(Text-to-region grounding data)
- Opening Delimiter -

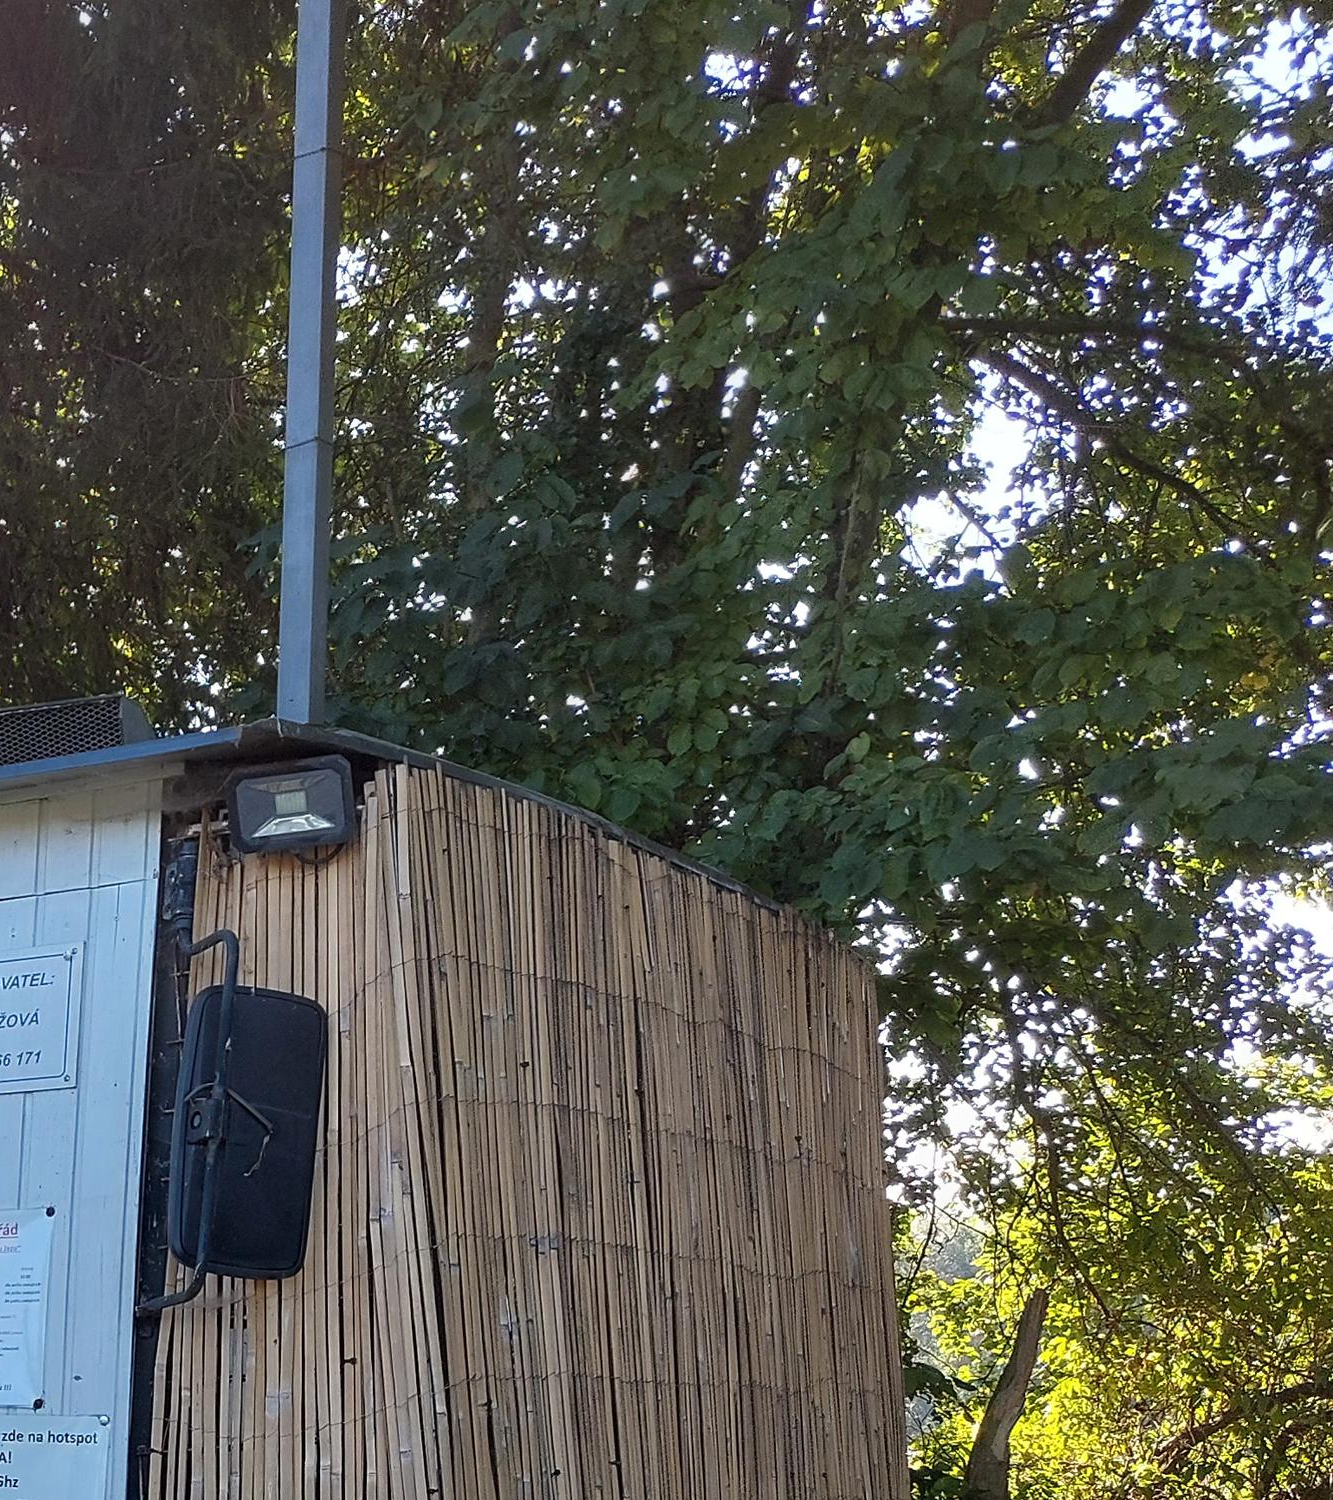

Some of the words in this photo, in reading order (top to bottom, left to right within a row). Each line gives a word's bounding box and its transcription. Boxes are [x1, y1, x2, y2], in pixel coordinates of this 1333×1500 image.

[16, 1050, 42, 1067] 171
[1, 1429, 24, 1443] zde
[28, 1432, 44, 1443] na
[47, 1430, 98, 1446] hotspot
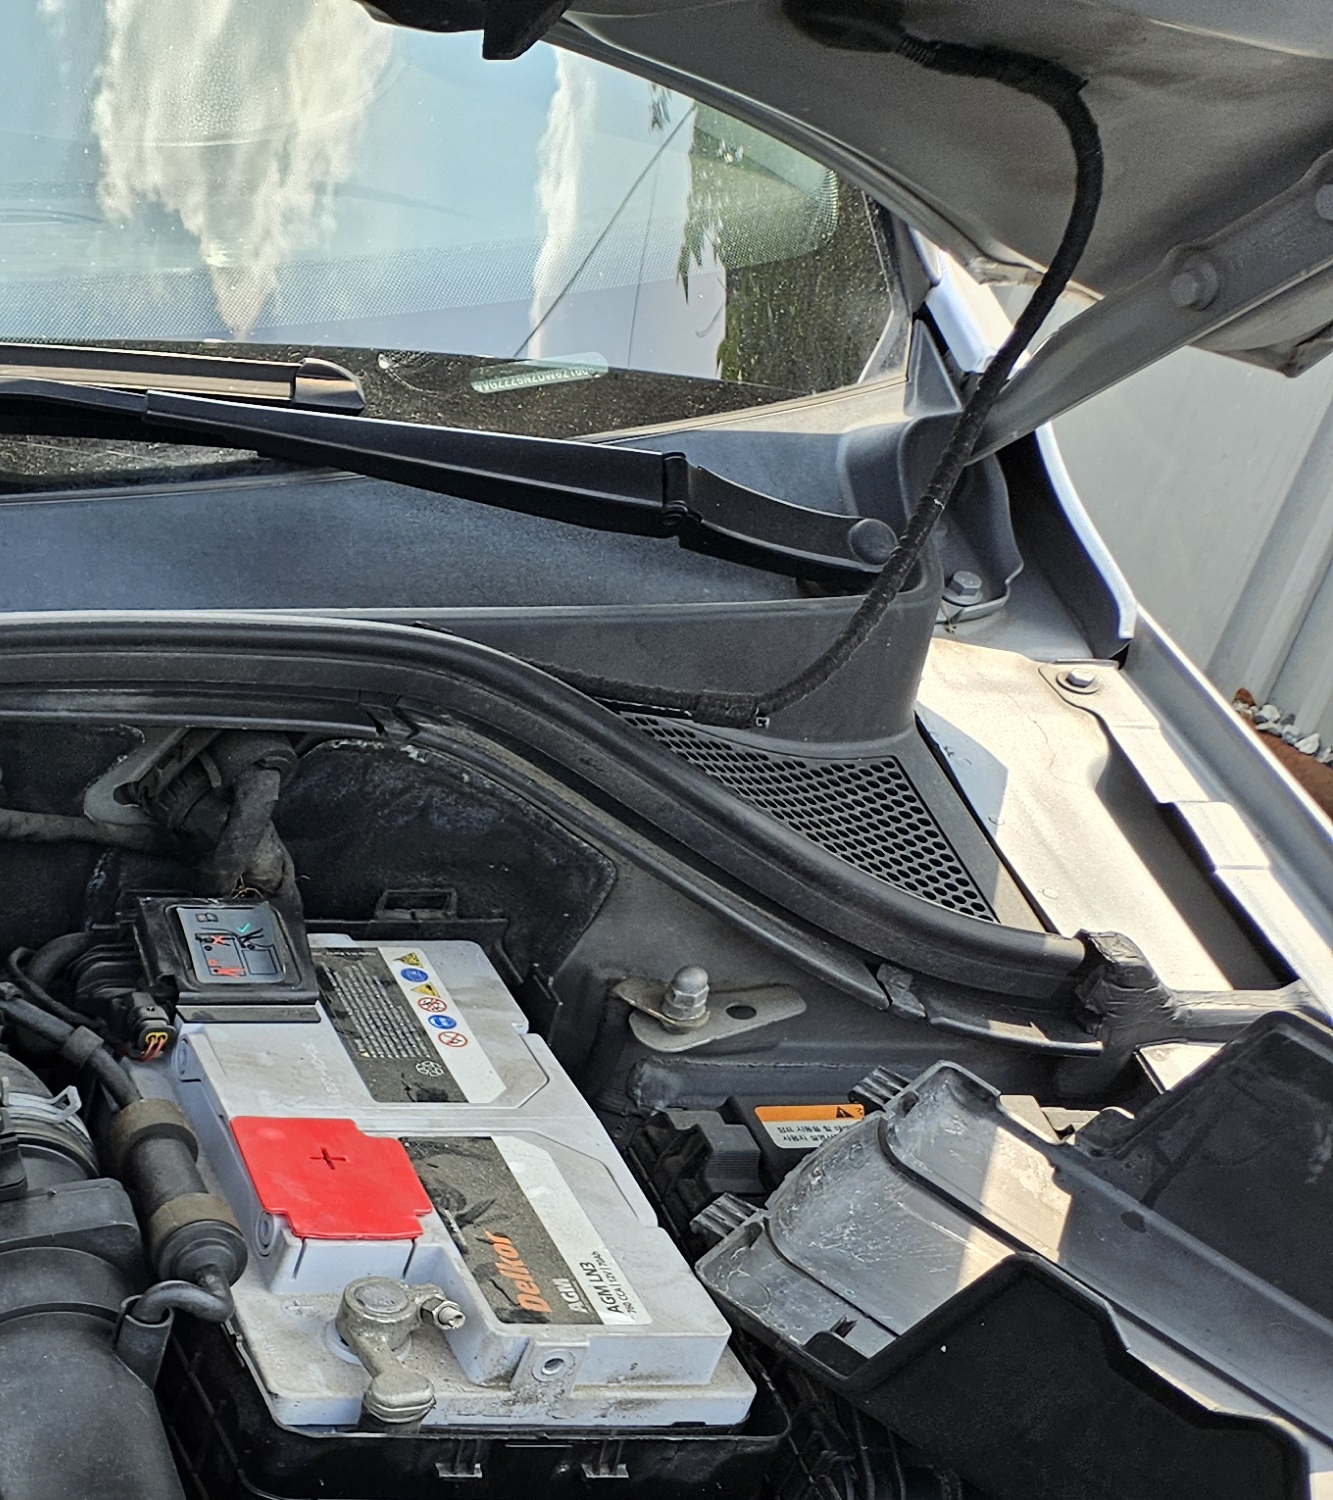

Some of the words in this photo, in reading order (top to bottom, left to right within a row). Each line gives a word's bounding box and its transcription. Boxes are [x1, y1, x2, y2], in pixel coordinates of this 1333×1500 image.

[483, 1228, 552, 1313] Delkor
[580, 1262, 604, 1282] LN3
[552, 1278, 590, 1313] AGM
[593, 1285, 624, 1314] AGM

- Closing Delimiter -

WHAT TO PRODUCE: All of the entries, apart from the pictures, must be returned exactly.

EXPECTED OUTPUT:
Some of the words in this photo, in reading order (top to bottom, left to right within a row). Each line gives a word's bounding box and its transcription. Boxes are [x1, y1, x2, y2], in pixel coordinates of this 1333×1500 image.

[16, 1050, 42, 1067] 171
[1, 1429, 24, 1443] zde
[28, 1432, 44, 1443] na
[47, 1430, 98, 1446] hotspot

Some of the words in this photo, in reading order (top to bottom, left to right within a row). Each line gives a word's bounding box and its transcription. Boxes are [x1, y1, x2, y2], in pixel coordinates of this 1333×1500 image.

[483, 1228, 552, 1313] Delkor
[580, 1262, 604, 1282] LN3
[552, 1278, 590, 1313] AGM
[593, 1285, 624, 1314] AGM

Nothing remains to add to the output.